Chapter 24:
Zero/Horizon
The basement felt endless, rooms stacked with crates, shelves packed with trophies, jewelry glittering in glass displays, even half-built drones humming faintly like they were sleeping beasts. Every direction screamed wealth and danger, and yet Rin strode through like she’d been here a hundred times before.
“There,” Rin said sharply, pointing. “That room.”
At the far end stood a reinforced door, cables coiling like veins into its steel frame. My stomach twisted. That had to be it, the box. The box with everything we’d risked this madness for.
Rin slid her phone out, connected a small USB stick, and knelt by the lockpad. Her fingers flew across the cracked screen, eyes narrowed. Sparks flickered on the panel.
“Hurry…” I whispered, hugging myself.
“Don’t rush me.” She bit the inside of her cheek. “If I miss one override command, this whole door’s going into permanent lockdown.”
I tried to breathe through the suffocating hum of alarms echoing above us. Somewhere, Kaito was out there, fighting God-knows-what. The thought made my chest ache.

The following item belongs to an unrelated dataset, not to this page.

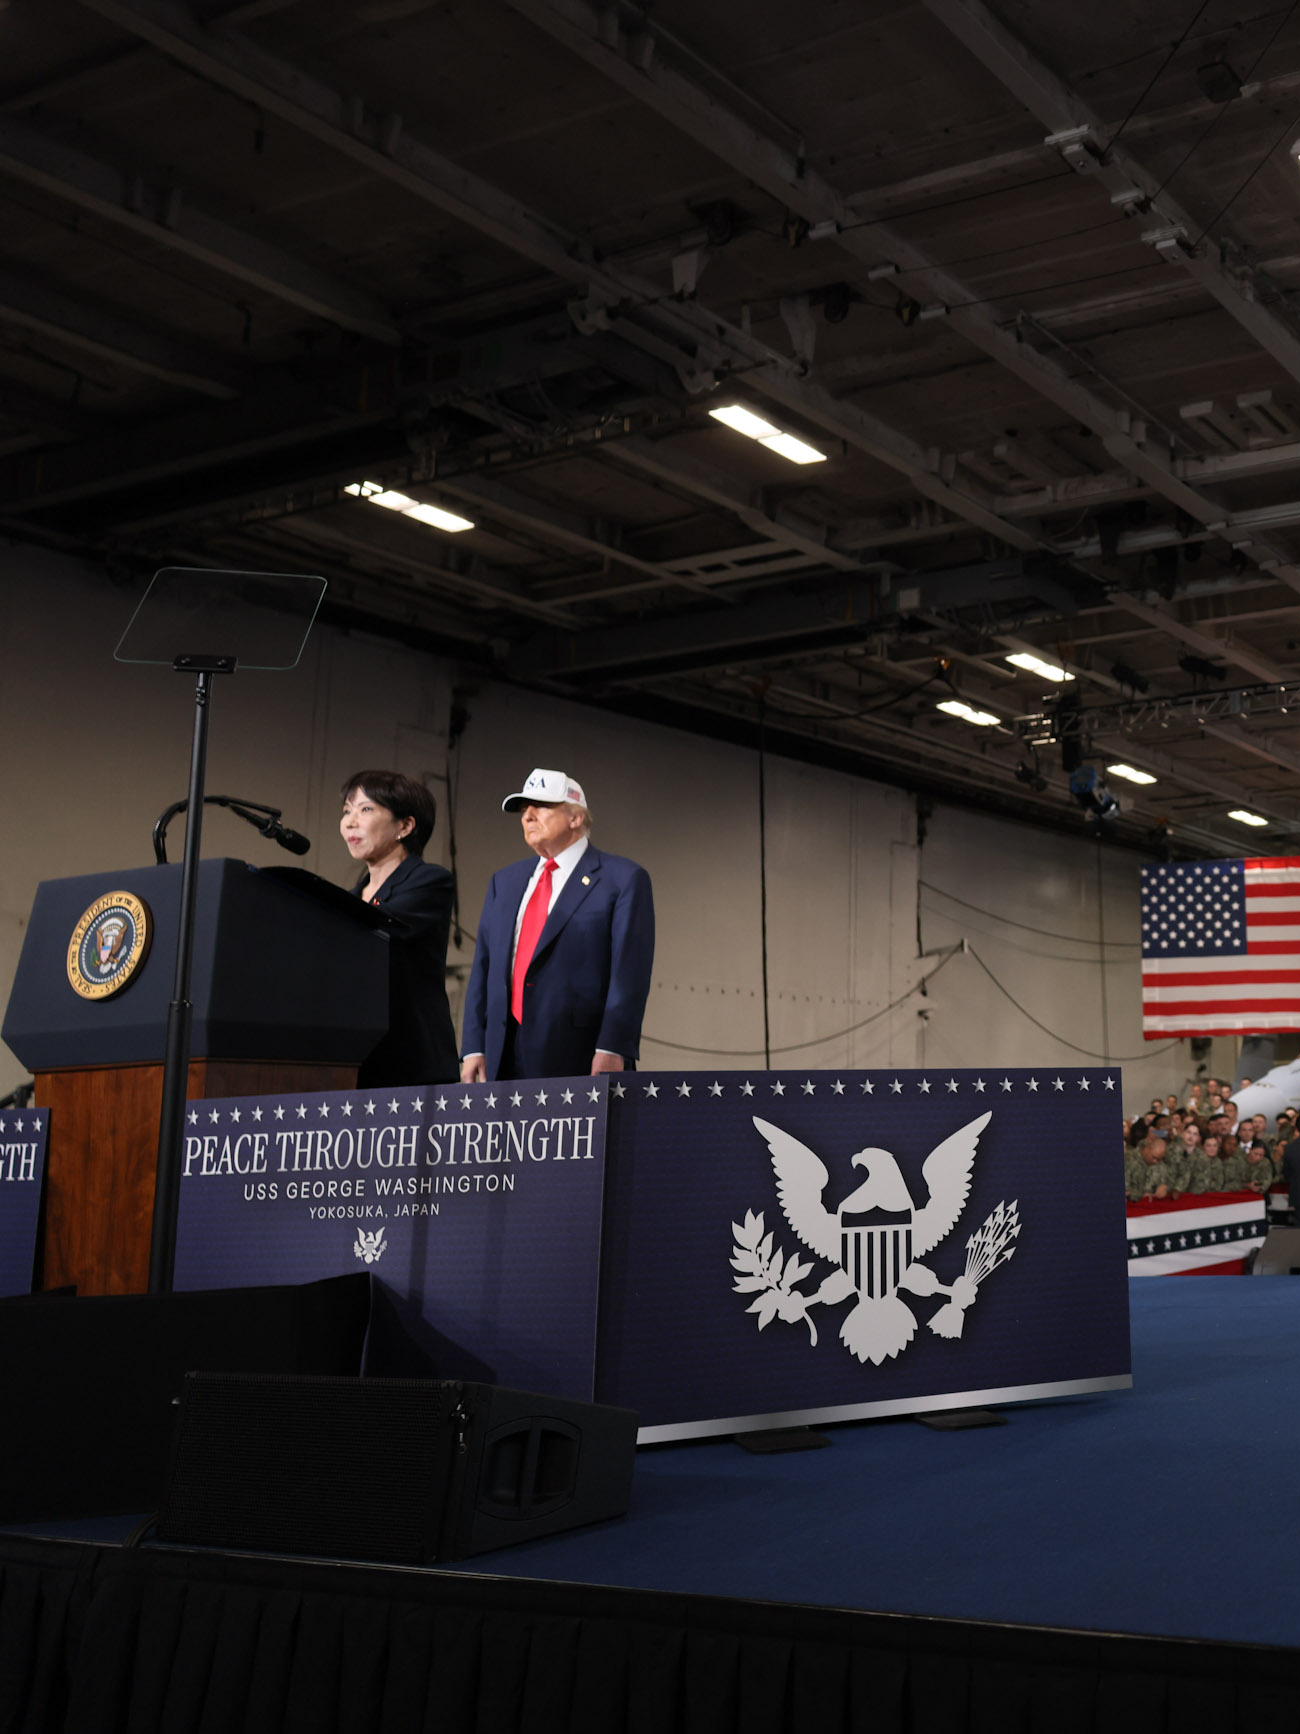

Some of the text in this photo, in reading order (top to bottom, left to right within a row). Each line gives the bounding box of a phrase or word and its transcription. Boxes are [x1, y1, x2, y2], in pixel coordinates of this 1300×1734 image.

A final beep. The door hissed, unlocking.
Rin shoved it open.
Inside, lit by sterile white light, sat a small pedestal. Atop it: the box. Black steel edges, sealed inside a case of bulletproof glass. My heart pounded harder.
But before we could take one step—
Heavy boots thundered down the stairwell.
“DOWN HERE!” someone barked.
I froze. Guards poured in, rifles aimed, helmets gleaming under red emergency lights. At least a dozen.
I couldn’t breathe. We were surrounded.
One of them approached slowly, almost cocky, gun loose in his hand. He grabbed Rin by the shoulder.
“Don’t move, gir—”
CRACK!
Rin slammed her forehead into his visor, grabbed his blaster, and shot him point-blank in the chest. He crumpled before the others could even blink.
“MOVE!” Rin grabbed my wrist and dragged me behind the nearest wall as a rain of gunfire shredded the air.
The guards screamed:
“LIGHT THEM UP!”
“DON’T LET THEM GET THE BOX!”
Blaster fire crackled, scorching the walls.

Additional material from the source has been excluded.